Plant Protection Challenges
The primary sensing technologies utilized in the detection of combustible gas leaks and flames at industrial process plants are: catalytic bead, point infrared (IR), open path IR, ultrasonic and optical. These technologies are all well-known with more than a decade of proven performance in the field. All of them have their unique advantages depending on the application environment. All of them are individually susceptible to false alarms under certain conditions. No single method of gas and flame detection is foolproof.
Every industrial process plant has a variety of potential gas leaks and flame leak sources, including leaking tanks, pipes, valves, pumps, etc. The avoidance of false alarms is also important because they result in unnecessary process or plant shutdowns, slowing production and requiring time-consuming reviews, paperwork, and reporting. False alarms can over time provide employees with a false sense of security because they become complacent if alarms go off for no apparent reason and then just choose to ignore them.
Detecting dangerous gas leaks and flames reliably is a challenge using any single one of the conventional technologies. For example, IR detectors can’t detect hydrogen gas because hydrogen doesn’t absorb IR energy. In another example, while a pressurized pipe gas leak can create an ultrasonic noise, so can other pieces of equipment that can trigger false alarms in ultrasonic detectors. Reflections or heat rising off tanks and other shiny surfaces on hot days can fool optical flame detectors.
The Human Sensory Model
With all the challenges that the best sensing technologies face, it’s not surprising that a new strategy in gas and flame protection is emerging for industrial plants. What if you combined all of the gas and flame detection technologies together and then layered them where they fit best in terms of their reliability in each unique plant layout?
If you examine today’s gas and flame detection sensing technologies, they mimic the senses of the people who invented them. Catalytic bead detectors “sniff” gases for example, infrared and optical type sensors “see” gases and flames, and ultrasonic sensors hear “gases”. What if some of these detectors behaved more like people, reacting based on their intelligence and retained past memories?
A new strategy of layering detector technologies throughout the plant where they fit best in terms of their reliability achieves a human sensory chain of plant defense against hazardous gases and flames. To learn more about this new model of human sensory gas and flame detection, let’s look at each type of sensing technology, discuss how they work and then look at how artificial intelligence is being applied today to advanced gas and flame detection.
Catalytic Bead (CB). The operating principle of catalytic gas detectors employs catalytic combustion to measure combustible gases in air at fine concentrations. As combustible gas oxidizes in the presence of a catalyst, it produces heat and the sensor converts the temperature rise to a change in electrical resistance, which is linearly proportional to gas concentration. A standard Wheatstone bridge circuit transforms the raw temperature change into a sensor signal.

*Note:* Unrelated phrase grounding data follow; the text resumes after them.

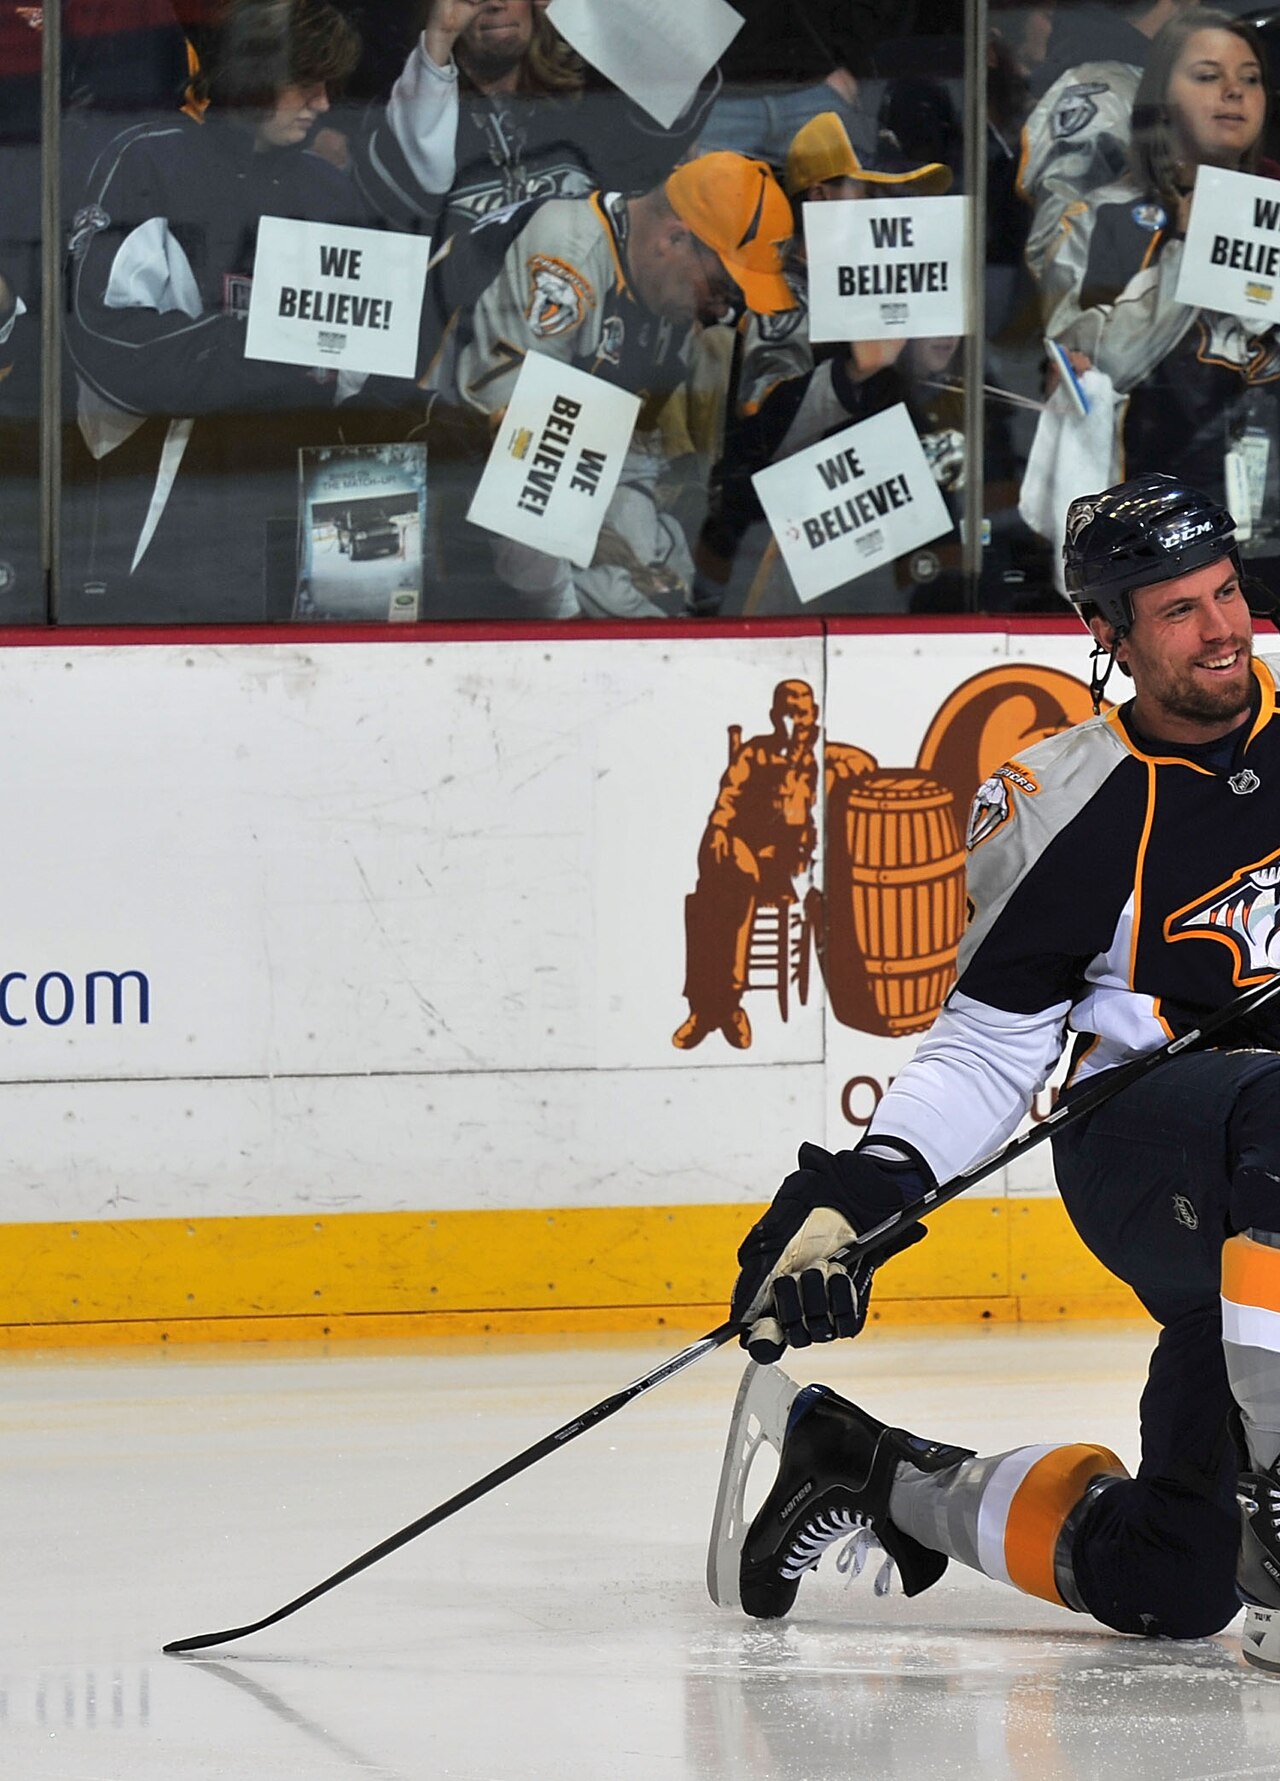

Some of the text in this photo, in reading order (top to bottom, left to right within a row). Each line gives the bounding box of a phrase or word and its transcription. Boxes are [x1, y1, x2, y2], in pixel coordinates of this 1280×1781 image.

[870, 217, 914, 249] WE
[320, 245, 362, 280] WE
[838, 261, 948, 297] BELIEVE!
[278, 286, 393, 330] BELIEVE!
[517, 395, 582, 517] BELIEVE!
[570, 449, 607, 497] WE
[816, 447, 865, 491] WE
[802, 473, 914, 550] BELIEVE!
[1163, 521, 1214, 549] CCM
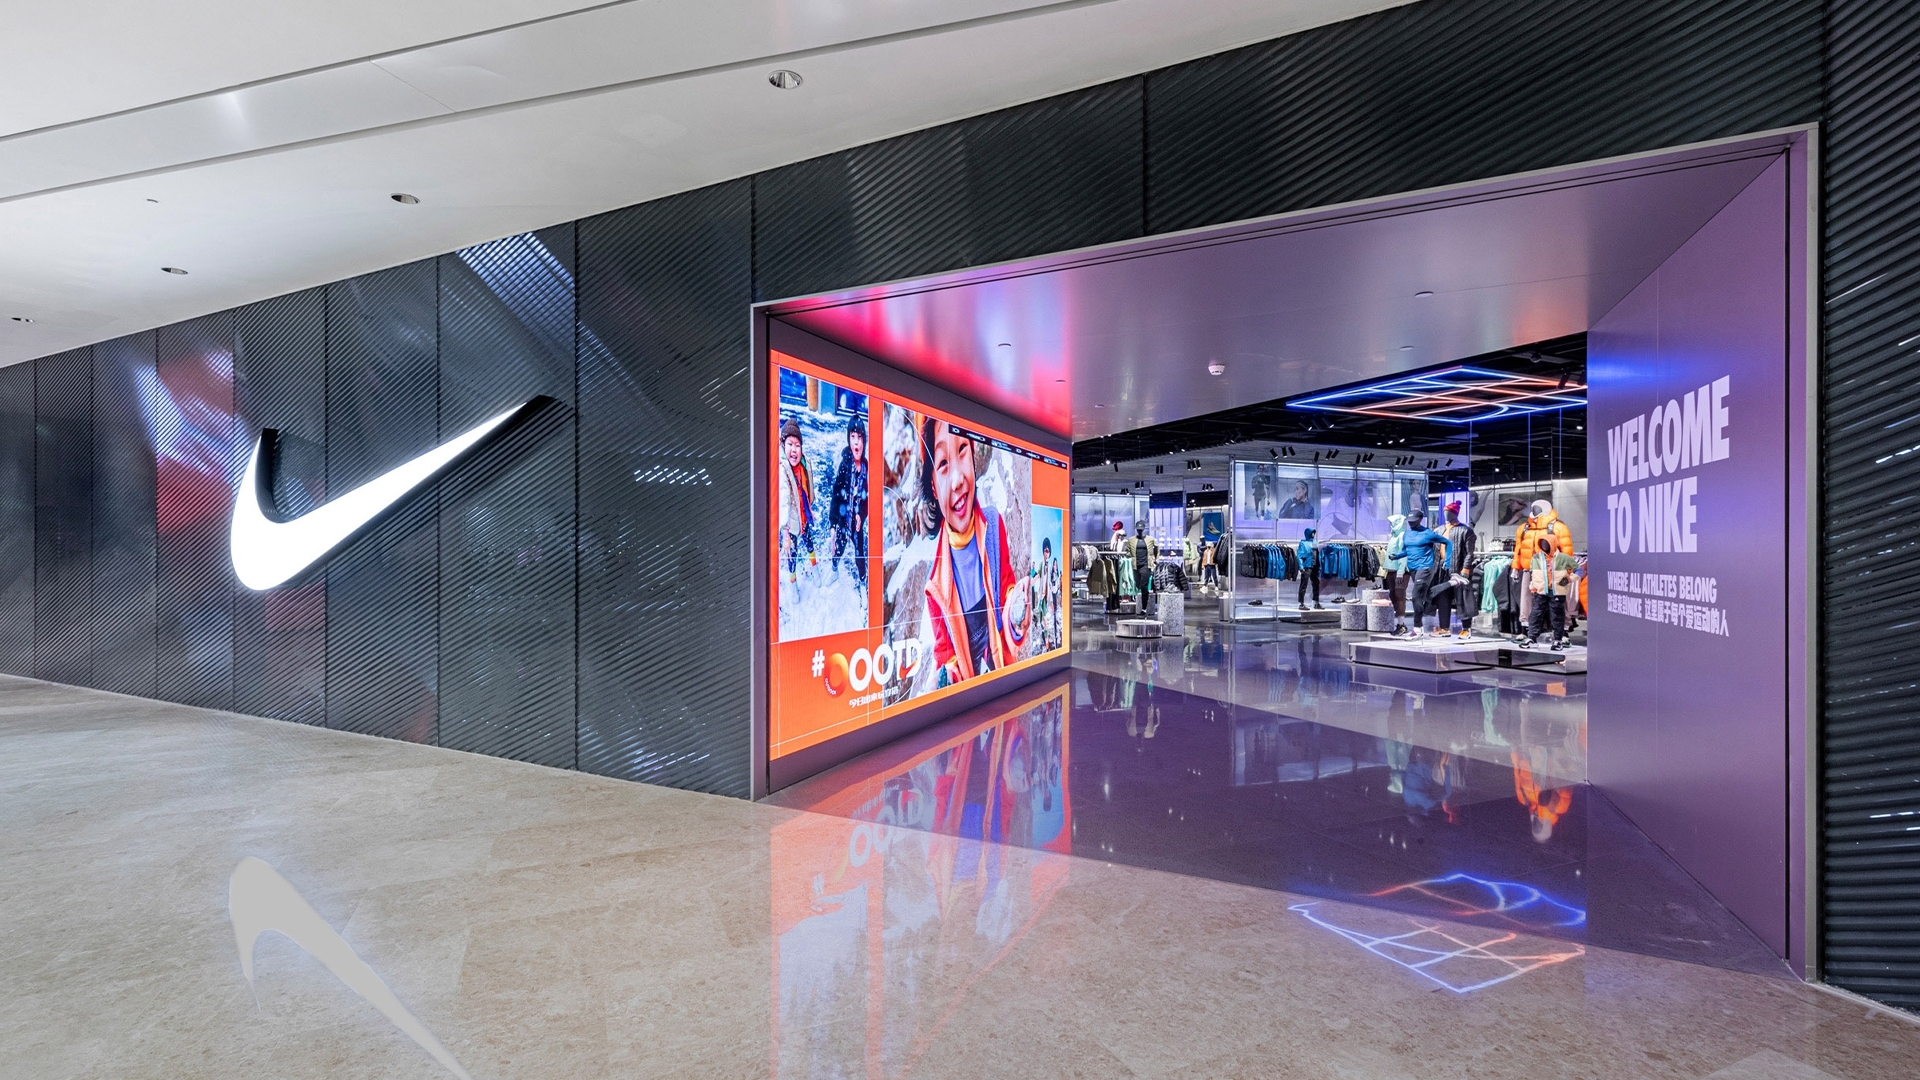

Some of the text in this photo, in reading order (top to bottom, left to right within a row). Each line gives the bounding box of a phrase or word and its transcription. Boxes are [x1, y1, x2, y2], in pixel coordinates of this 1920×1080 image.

Point Infrared (PIR). Infrared gas detectors use two wavelengths, one at the gas absorbing “active” wavelength and the other at a “reference” wavelength not absorbed by the gas; neither wavelength is absorbed by other common atmospheric components such as water vapor, nitrogen, oxygen, or carbon dioxide. In point IR detectors, the concentration of hydrocarbon gas is measured via the infrared absorption of an optical beam known as the active beam. A second optical beam, known as the reference, follows the same optical path as the active but contains radiation at a wavelength not absorbed by the gas.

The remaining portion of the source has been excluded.